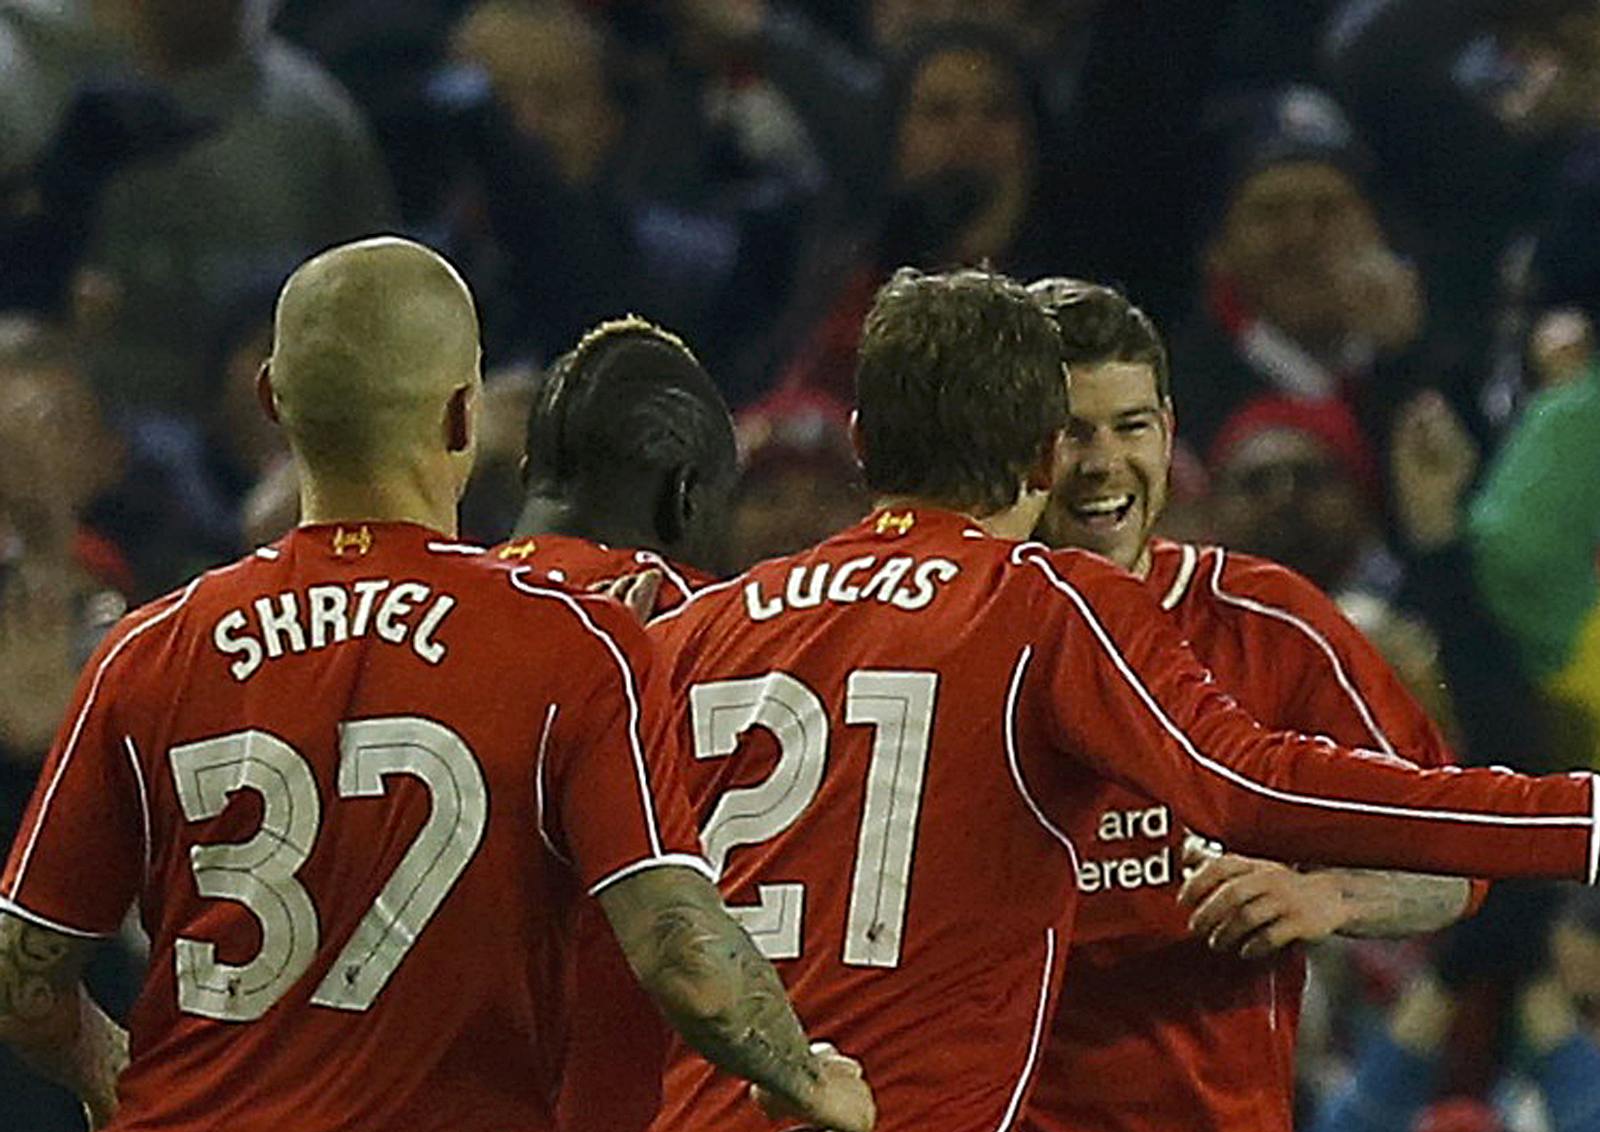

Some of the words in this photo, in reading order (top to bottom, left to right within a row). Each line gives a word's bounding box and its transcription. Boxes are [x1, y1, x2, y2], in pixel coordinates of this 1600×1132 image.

[213, 577, 456, 682] SKRTEL
[744, 555, 958, 622] LUCAS
[168, 715, 489, 1021] 37
[689, 670, 938, 969] 21

----------

Return the listing above word for word. Keep the images out.

Some of the words in this photo, in reading order (top to bottom, left to right within a row). Each line gives a word's bounding box and its transcription. Boxes are [x1, y1, x2, y2], in pixel coordinates of this 1600×1132 image.

[213, 577, 456, 682] SKRTEL
[744, 555, 958, 622] LUCAS
[168, 715, 489, 1021] 37
[689, 670, 938, 969] 21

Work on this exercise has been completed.